### INPUT DATA
Content starts
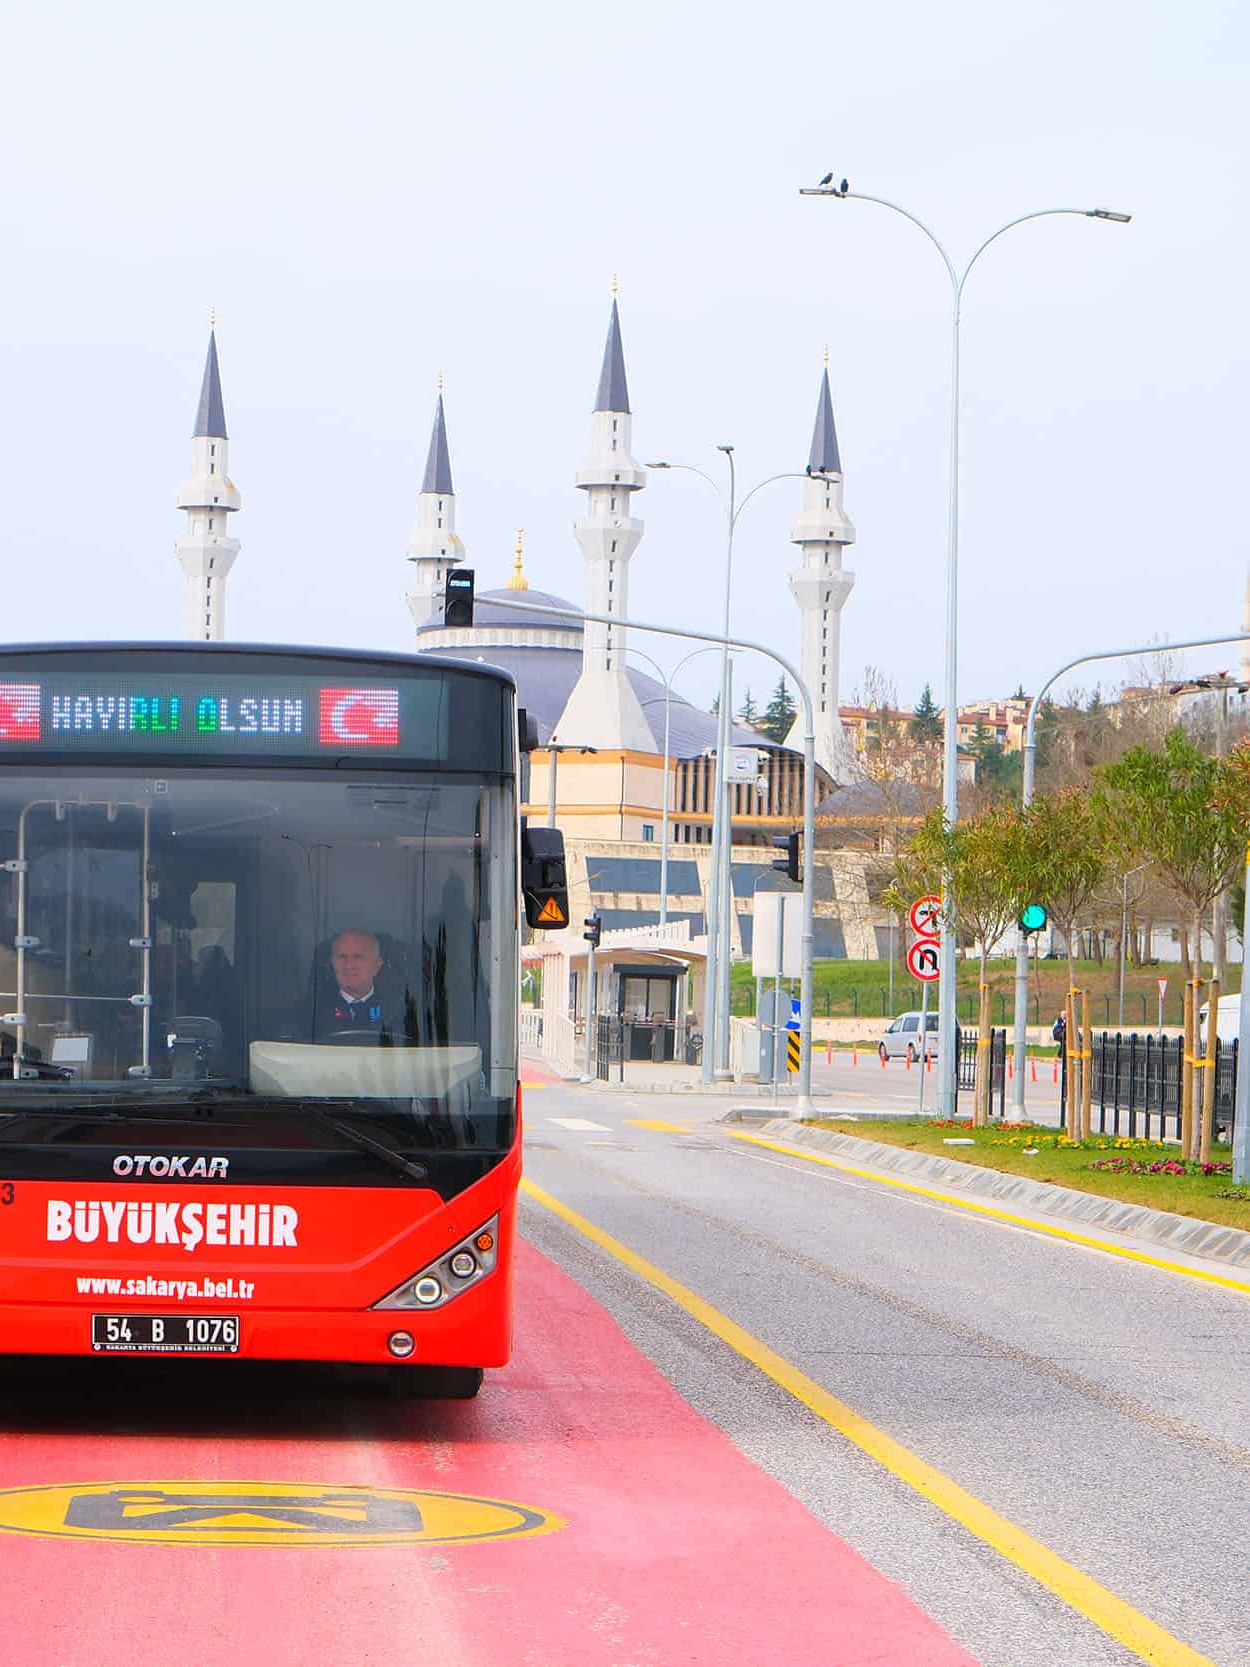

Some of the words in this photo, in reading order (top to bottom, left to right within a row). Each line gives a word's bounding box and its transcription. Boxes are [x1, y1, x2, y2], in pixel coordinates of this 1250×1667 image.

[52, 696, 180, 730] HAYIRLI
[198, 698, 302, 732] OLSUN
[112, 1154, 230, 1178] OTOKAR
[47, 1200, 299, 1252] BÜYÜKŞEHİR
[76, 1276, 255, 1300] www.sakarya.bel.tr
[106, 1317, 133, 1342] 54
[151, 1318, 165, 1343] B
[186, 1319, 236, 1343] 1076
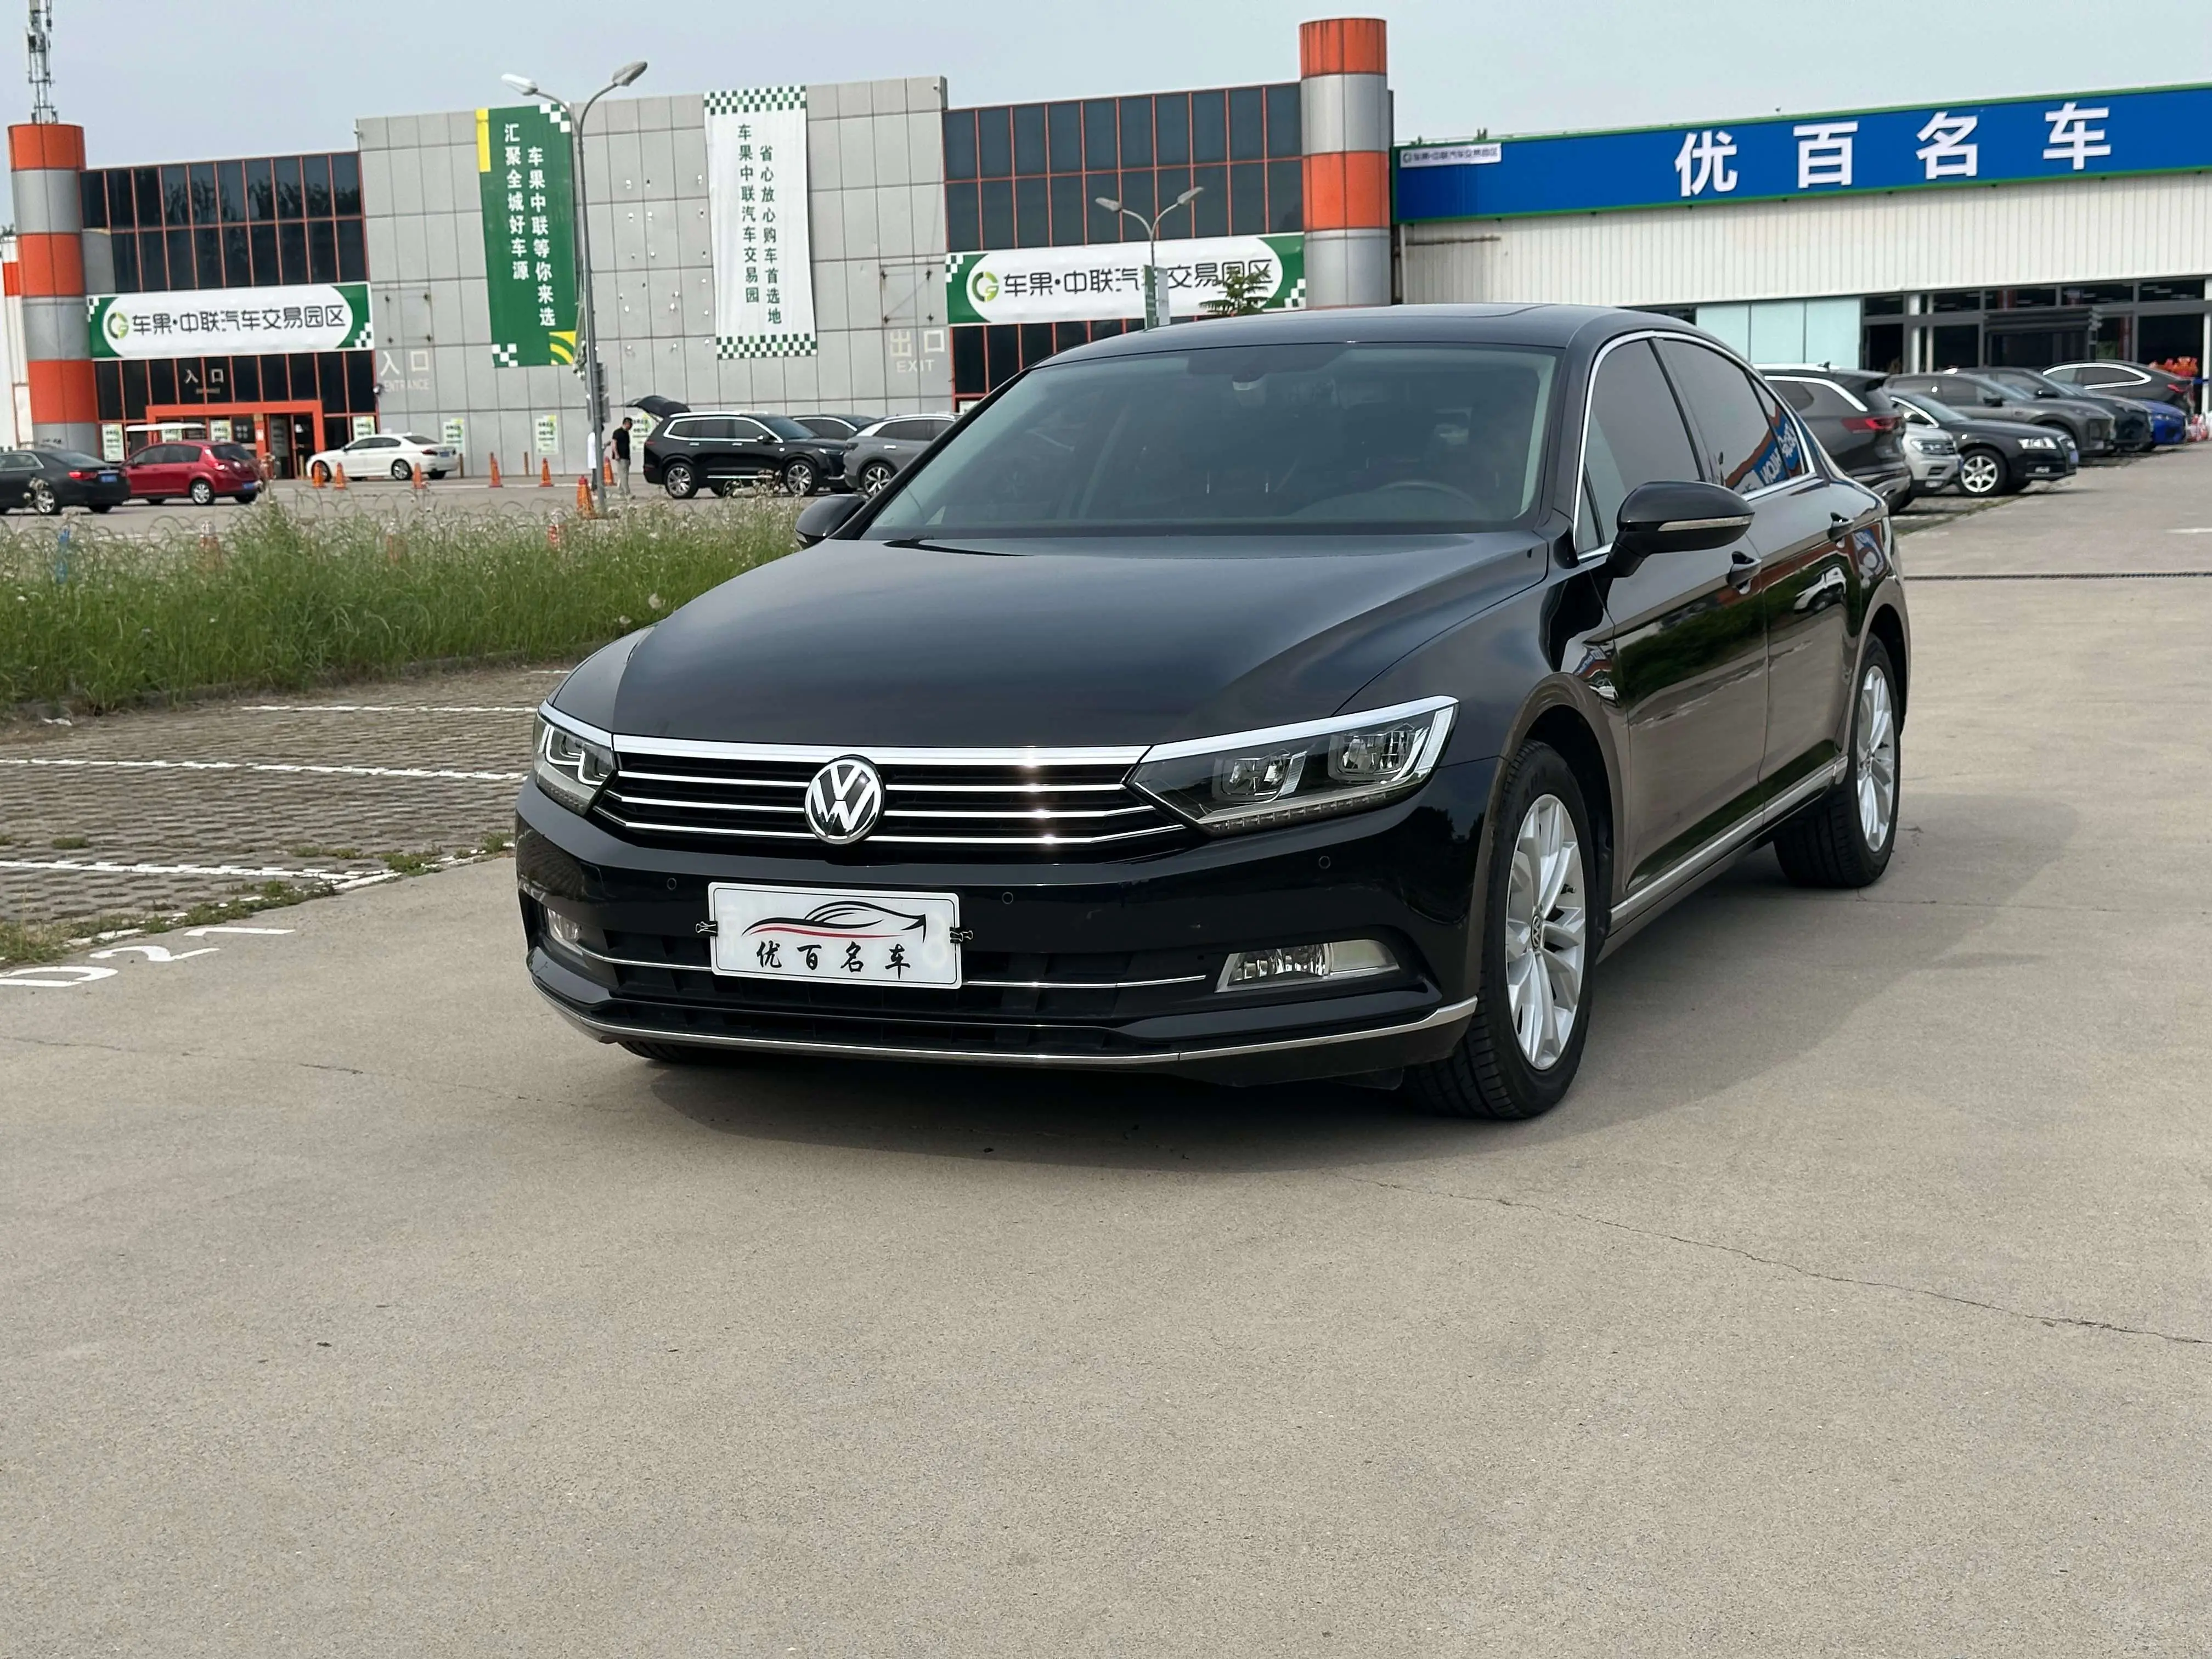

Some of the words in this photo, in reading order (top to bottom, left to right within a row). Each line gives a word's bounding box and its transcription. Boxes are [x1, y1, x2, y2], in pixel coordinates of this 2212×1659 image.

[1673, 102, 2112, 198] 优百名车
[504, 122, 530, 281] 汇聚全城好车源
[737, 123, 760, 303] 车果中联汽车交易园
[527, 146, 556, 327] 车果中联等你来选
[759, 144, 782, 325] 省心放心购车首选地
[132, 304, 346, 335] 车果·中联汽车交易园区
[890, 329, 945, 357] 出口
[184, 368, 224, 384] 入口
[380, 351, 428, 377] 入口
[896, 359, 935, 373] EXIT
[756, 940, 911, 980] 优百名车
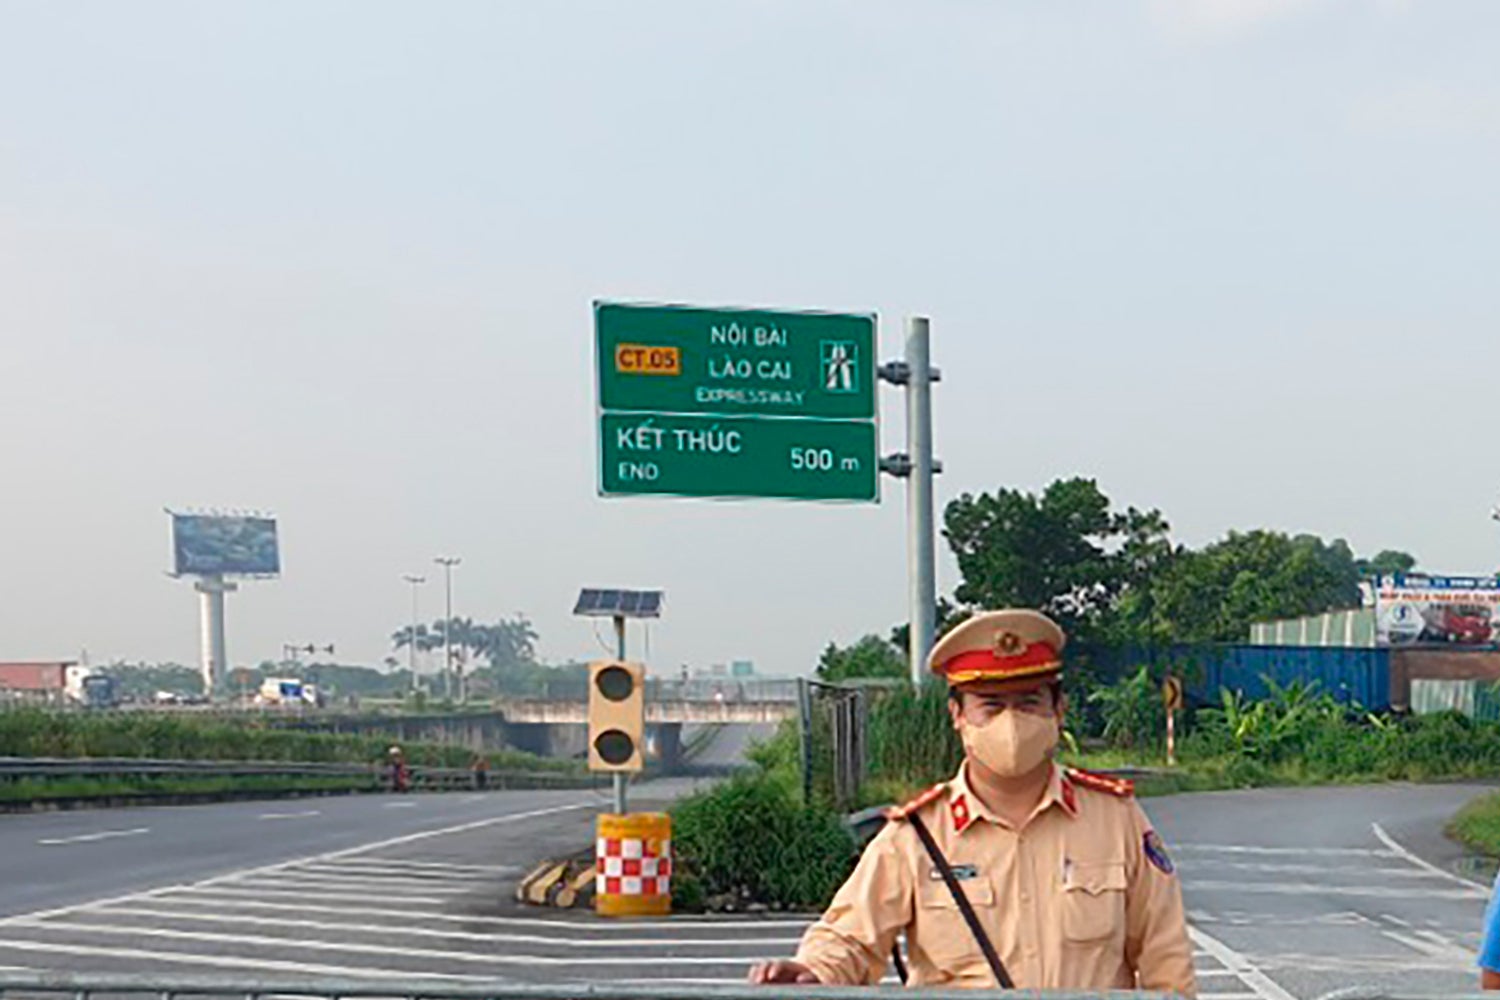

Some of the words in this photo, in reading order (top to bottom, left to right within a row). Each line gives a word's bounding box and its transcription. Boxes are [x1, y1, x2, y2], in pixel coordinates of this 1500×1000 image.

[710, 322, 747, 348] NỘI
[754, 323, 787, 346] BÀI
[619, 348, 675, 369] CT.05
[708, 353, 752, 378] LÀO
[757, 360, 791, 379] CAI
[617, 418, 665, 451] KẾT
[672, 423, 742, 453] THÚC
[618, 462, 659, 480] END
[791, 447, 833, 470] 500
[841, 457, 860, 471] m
Content ends
### WHAT TO WORK ON
Nothing but the lines from the one holding "this 2212×1659 image." to the end of the entries above should be echoed, exactly and with both ends included; omit the pictures.

### COMPLETED TASK
Some of the words in this photo, in reading order (top to bottom, left to right within a row). Each line gives a word's bounding box and its transcription. Boxes are [x1, y1, x2, y2], in pixel coordinates of this 2212×1659 image.

[1673, 102, 2112, 198] 优百名车
[504, 122, 530, 281] 汇聚全城好车源
[737, 123, 760, 303] 车果中联汽车交易园
[527, 146, 556, 327] 车果中联等你来选
[759, 144, 782, 325] 省心放心购车首选地
[132, 304, 346, 335] 车果·中联汽车交易园区
[890, 329, 945, 357] 出口
[184, 368, 224, 384] 入口
[380, 351, 428, 377] 入口
[896, 359, 935, 373] EXIT
[756, 940, 911, 980] 优百名车

Some of the words in this photo, in reading order (top to bottom, left to right within a row). Each line gives a word's bounding box and its transcription. Boxes are [x1, y1, x2, y2], in pixel coordinates of this 1500×1000 image.

[710, 322, 747, 348] NỘI
[754, 323, 787, 346] BÀI
[619, 348, 675, 369] CT.05
[708, 353, 752, 378] LÀO
[757, 360, 791, 379] CAI
[617, 418, 665, 451] KẾT
[672, 423, 742, 453] THÚC
[618, 462, 659, 480] END
[791, 447, 833, 470] 500
[841, 457, 860, 471] m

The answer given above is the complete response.